There is one question that can be asked over and over again and yet, it never gets old. It’s simple, short, efficient…but what is it?

It’s: “Why?“.

I hope you’re not disappointed 🙂

It’s actually a very important question, and yet, usually, it’s not asked, therefore, it’s not answered. Here I will focus around productivity and the context of project management but keep in mind that this question can apply to every situation of your life.

Why to ask it

By asking the question, you are forced to answer it. By doing so, you make sure that what you are about to do has meaning, has a purpose, has a goal, etc. It makes sure you are on the right path.

Ignore it, and you will have a hard time reaching your goals, or your project’s goals.

When to ask it

When a suggestion is given, or a decision is being considered, the question “why?” should be asked. Often people will suggest ideas, and will even be very persuasive when suggesting it, and yet, when you ask them “why should we do this?”, you will receive poor quality answers like: Isn’t it obvious?, because it’s cool, everybody does it, I think people will like it”.

Another situation is that a team will make a decision, but then you ask the famous question…. and everyone mutters words here and there, but nobody knows why it should be done, they were just happy to do it, but they find out it would not help the project at all.

What the answer should show you

The answer for the question “Why?” should confirm if the idea, the decision, or anything else serves it’s purpose. Remember that time is money, and in your project’s budget, I’m certain you did not include a budget for “doing things with no reason”. It gives meaning and value to what is being said.
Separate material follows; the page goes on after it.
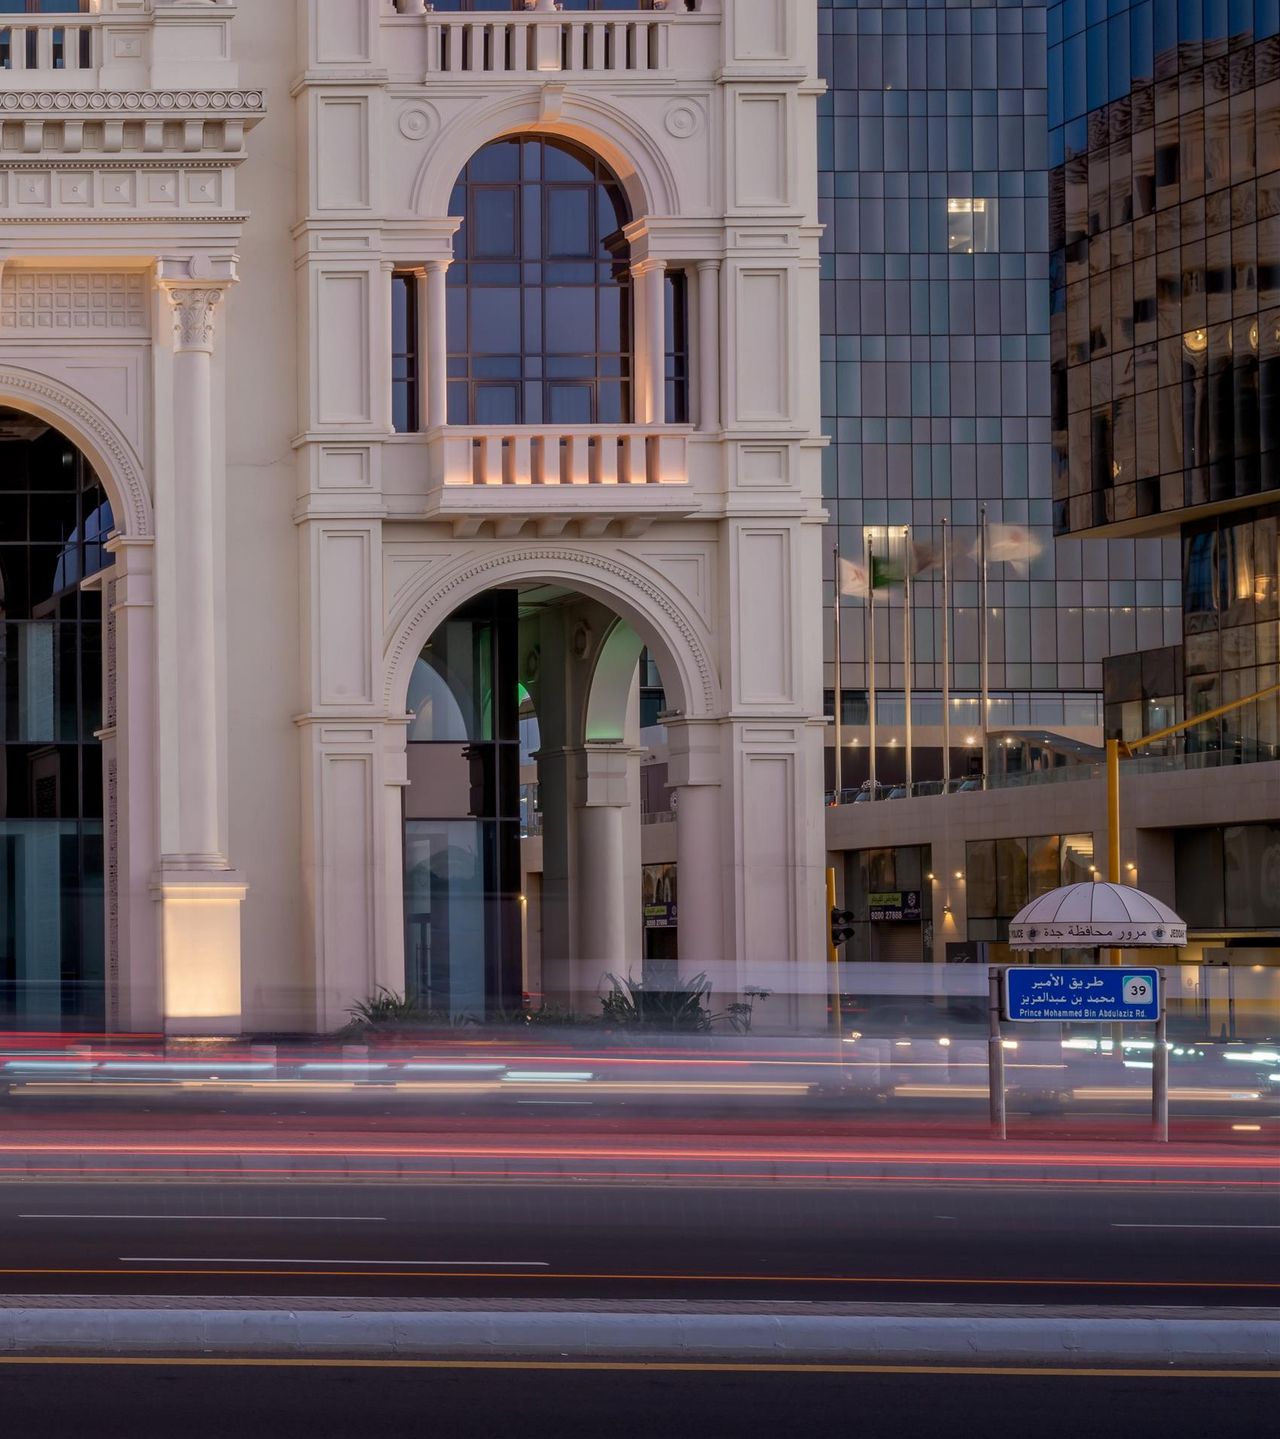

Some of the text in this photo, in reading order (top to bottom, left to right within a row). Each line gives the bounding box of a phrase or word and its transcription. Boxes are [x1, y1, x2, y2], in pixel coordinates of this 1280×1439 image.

It may also show that even though it’s a good idea, it’s not coherent with the project’s goals, therefore, you should find something else. For example, you may find out by asking “why should we add a contest on our website?” that it will drive new traffic to the website, but if the goal of the new promotion is to get users to stay longer on the website, then the idea is not the right one. If you do not ask “Why?”, you may skip that valuable thinking, do your contest, and find out that the users still leave your website within 30 seconds. Generally, it’s after that failed attempt that people ask “Why didn’t it work?”. Instead of wasting time and money by asking the question after, ask “Why should we do it?” before!

In conclusion

Simple: ask the question often, it’s important, reveals a lot, and also, it’s free!